**Required action**
Every record that follows should be written out again without any change.

──────── Material supplied

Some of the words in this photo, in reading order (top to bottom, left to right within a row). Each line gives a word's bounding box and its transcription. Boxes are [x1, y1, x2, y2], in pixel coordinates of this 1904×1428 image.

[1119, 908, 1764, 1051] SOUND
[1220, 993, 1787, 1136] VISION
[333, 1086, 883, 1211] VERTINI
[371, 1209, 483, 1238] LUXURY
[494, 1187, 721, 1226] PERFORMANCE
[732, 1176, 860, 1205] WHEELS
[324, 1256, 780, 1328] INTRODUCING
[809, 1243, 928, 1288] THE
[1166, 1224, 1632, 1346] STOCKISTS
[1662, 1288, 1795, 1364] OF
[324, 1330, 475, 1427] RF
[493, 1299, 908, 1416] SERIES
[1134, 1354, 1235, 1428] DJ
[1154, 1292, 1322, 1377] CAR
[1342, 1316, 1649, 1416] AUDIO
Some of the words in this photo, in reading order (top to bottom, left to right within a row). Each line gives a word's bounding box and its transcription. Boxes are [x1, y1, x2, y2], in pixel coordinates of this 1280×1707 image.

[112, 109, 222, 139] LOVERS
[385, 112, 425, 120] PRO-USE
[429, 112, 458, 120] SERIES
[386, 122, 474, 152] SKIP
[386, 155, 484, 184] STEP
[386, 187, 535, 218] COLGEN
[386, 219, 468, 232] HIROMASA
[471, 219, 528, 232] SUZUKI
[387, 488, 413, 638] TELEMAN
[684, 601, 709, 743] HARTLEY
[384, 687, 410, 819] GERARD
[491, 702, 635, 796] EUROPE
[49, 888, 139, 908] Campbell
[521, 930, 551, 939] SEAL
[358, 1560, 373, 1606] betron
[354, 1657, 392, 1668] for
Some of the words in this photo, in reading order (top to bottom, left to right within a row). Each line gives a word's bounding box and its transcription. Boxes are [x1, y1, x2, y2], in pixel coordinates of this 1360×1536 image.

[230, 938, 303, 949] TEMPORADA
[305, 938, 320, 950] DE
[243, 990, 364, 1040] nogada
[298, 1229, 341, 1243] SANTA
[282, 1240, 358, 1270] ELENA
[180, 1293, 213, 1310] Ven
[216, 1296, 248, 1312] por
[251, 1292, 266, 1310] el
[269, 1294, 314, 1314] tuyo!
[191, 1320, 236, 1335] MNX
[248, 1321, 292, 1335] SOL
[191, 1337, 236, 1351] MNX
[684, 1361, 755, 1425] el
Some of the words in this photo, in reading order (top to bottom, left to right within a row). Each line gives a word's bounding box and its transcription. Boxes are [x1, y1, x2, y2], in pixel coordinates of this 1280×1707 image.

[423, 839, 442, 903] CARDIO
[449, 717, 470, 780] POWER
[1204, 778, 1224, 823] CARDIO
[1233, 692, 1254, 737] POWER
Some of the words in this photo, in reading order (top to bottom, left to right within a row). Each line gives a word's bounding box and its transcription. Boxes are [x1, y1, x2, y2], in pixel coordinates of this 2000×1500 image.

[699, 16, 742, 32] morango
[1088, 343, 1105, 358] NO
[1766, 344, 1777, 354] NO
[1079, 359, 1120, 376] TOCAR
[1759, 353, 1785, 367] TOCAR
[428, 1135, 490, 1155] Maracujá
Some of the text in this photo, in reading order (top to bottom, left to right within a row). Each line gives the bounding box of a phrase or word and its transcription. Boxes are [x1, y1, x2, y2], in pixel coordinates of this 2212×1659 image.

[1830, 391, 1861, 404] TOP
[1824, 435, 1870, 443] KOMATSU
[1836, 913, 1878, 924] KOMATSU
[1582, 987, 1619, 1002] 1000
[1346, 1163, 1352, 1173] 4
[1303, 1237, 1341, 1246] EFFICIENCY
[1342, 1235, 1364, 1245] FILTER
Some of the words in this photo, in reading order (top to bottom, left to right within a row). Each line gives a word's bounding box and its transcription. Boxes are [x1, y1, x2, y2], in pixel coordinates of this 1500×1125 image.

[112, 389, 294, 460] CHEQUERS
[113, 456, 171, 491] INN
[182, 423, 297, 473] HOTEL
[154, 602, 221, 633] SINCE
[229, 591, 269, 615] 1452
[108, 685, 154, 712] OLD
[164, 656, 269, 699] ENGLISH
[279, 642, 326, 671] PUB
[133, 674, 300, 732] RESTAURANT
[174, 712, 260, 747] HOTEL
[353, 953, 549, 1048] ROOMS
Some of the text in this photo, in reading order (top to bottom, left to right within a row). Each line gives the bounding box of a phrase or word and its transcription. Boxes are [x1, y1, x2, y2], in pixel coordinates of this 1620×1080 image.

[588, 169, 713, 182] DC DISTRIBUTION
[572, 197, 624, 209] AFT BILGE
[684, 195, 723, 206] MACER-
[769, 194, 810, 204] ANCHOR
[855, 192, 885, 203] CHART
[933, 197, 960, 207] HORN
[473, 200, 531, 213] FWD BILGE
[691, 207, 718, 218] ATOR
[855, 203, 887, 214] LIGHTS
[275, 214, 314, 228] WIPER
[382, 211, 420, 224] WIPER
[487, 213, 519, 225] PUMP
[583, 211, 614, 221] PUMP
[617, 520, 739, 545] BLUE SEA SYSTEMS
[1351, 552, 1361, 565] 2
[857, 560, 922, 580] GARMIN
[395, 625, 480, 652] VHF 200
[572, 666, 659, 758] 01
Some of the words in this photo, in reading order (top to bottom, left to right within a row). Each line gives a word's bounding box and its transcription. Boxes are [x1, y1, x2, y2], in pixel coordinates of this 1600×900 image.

────────────────

**Answer space**
Some of the words in this photo, in reading order (top to bottom, left to right within a row). Each line gives a word's bounding box and its transcription. Boxes are [x1, y1, x2, y2], in pixel coordinates of this 1904×1428 image.

[1119, 908, 1764, 1051] SOUND
[1220, 993, 1787, 1136] VISION
[333, 1086, 883, 1211] VERTINI
[371, 1209, 483, 1238] LUXURY
[494, 1187, 721, 1226] PERFORMANCE
[732, 1176, 860, 1205] WHEELS
[324, 1256, 780, 1328] INTRODUCING
[809, 1243, 928, 1288] THE
[1166, 1224, 1632, 1346] STOCKISTS
[1662, 1288, 1795, 1364] OF
[324, 1330, 475, 1427] RF
[493, 1299, 908, 1416] SERIES
[1134, 1354, 1235, 1428] DJ
[1154, 1292, 1322, 1377] CAR
[1342, 1316, 1649, 1416] AUDIO
Some of the words in this photo, in reading order (top to bottom, left to right within a row). Each line gives a word's bounding box and its transcription. Boxes are [x1, y1, x2, y2], in pixel coordinates of this 1280×1707 image.

[112, 109, 222, 139] LOVERS
[385, 112, 425, 120] PRO-USE
[429, 112, 458, 120] SERIES
[386, 122, 474, 152] SKIP
[386, 155, 484, 184] STEP
[386, 187, 535, 218] COLGEN
[386, 219, 468, 232] HIROMASA
[471, 219, 528, 232] SUZUKI
[387, 488, 413, 638] TELEMAN
[684, 601, 709, 743] HARTLEY
[384, 687, 410, 819] GERARD
[491, 702, 635, 796] EUROPE
[49, 888, 139, 908] Campbell
[521, 930, 551, 939] SEAL
[358, 1560, 373, 1606] betron
[354, 1657, 392, 1668] for
Some of the words in this photo, in reading order (top to bottom, left to right within a row). Each line gives a word's bounding box and its transcription. Boxes are [x1, y1, x2, y2], in pixel coordinates of this 1360×1536 image.

[230, 938, 303, 949] TEMPORADA
[305, 938, 320, 950] DE
[243, 990, 364, 1040] nogada
[298, 1229, 341, 1243] SANTA
[282, 1240, 358, 1270] ELENA
[180, 1293, 213, 1310] Ven
[216, 1296, 248, 1312] por
[251, 1292, 266, 1310] el
[269, 1294, 314, 1314] tuyo!
[191, 1320, 236, 1335] MNX
[248, 1321, 292, 1335] SOL
[191, 1337, 236, 1351] MNX
[684, 1361, 755, 1425] el
Some of the words in this photo, in reading order (top to bottom, left to right within a row). Each line gives a word's bounding box and its transcription. Boxes are [x1, y1, x2, y2], in pixel coordinates of this 1280×1707 image.

[423, 839, 442, 903] CARDIO
[449, 717, 470, 780] POWER
[1204, 778, 1224, 823] CARDIO
[1233, 692, 1254, 737] POWER
Some of the words in this photo, in reading order (top to bottom, left to right within a row). Each line gives a word's bounding box and its transcription. Boxes are [x1, y1, x2, y2], in pixel coordinates of this 2000×1500 image.

[699, 16, 742, 32] morango
[1088, 343, 1105, 358] NO
[1766, 344, 1777, 354] NO
[1079, 359, 1120, 376] TOCAR
[1759, 353, 1785, 367] TOCAR
[428, 1135, 490, 1155] Maracujá
Some of the text in this photo, in reading order (top to bottom, left to right within a row). Each line gives the bounding box of a phrase or word and its transcription. Boxes are [x1, y1, x2, y2], in pixel coordinates of this 2212×1659 image.

[1830, 391, 1861, 404] TOP
[1824, 435, 1870, 443] KOMATSU
[1836, 913, 1878, 924] KOMATSU
[1582, 987, 1619, 1002] 1000
[1346, 1163, 1352, 1173] 4
[1303, 1237, 1341, 1246] EFFICIENCY
[1342, 1235, 1364, 1245] FILTER
Some of the words in this photo, in reading order (top to bottom, left to right within a row). Each line gives a word's bounding box and its transcription. Boxes are [x1, y1, x2, y2], in pixel coordinates of this 1500×1125 image.

[112, 389, 294, 460] CHEQUERS
[113, 456, 171, 491] INN
[182, 423, 297, 473] HOTEL
[154, 602, 221, 633] SINCE
[229, 591, 269, 615] 1452
[108, 685, 154, 712] OLD
[164, 656, 269, 699] ENGLISH
[279, 642, 326, 671] PUB
[133, 674, 300, 732] RESTAURANT
[174, 712, 260, 747] HOTEL
[353, 953, 549, 1048] ROOMS
Some of the text in this photo, in reading order (top to bottom, left to right within a row). Each line gives the bounding box of a phrase or word and its transcription. Boxes are [x1, y1, x2, y2], in pixel coordinates of this 1620×1080 image.

[588, 169, 713, 182] DC DISTRIBUTION
[572, 197, 624, 209] AFT BILGE
[684, 195, 723, 206] MACER-
[769, 194, 810, 204] ANCHOR
[855, 192, 885, 203] CHART
[933, 197, 960, 207] HORN
[473, 200, 531, 213] FWD BILGE
[691, 207, 718, 218] ATOR
[855, 203, 887, 214] LIGHTS
[275, 214, 314, 228] WIPER
[382, 211, 420, 224] WIPER
[487, 213, 519, 225] PUMP
[583, 211, 614, 221] PUMP
[617, 520, 739, 545] BLUE SEA SYSTEMS
[1351, 552, 1361, 565] 2
[857, 560, 922, 580] GARMIN
[395, 625, 480, 652] VHF 200
[572, 666, 659, 758] 01
Some of the words in this photo, in reading order (top to bottom, left to right within a row). Each line gives a word's bounding box and its transcription. Boxes are [x1, y1, x2, y2], in pixel coordinates of this 1600×900 image.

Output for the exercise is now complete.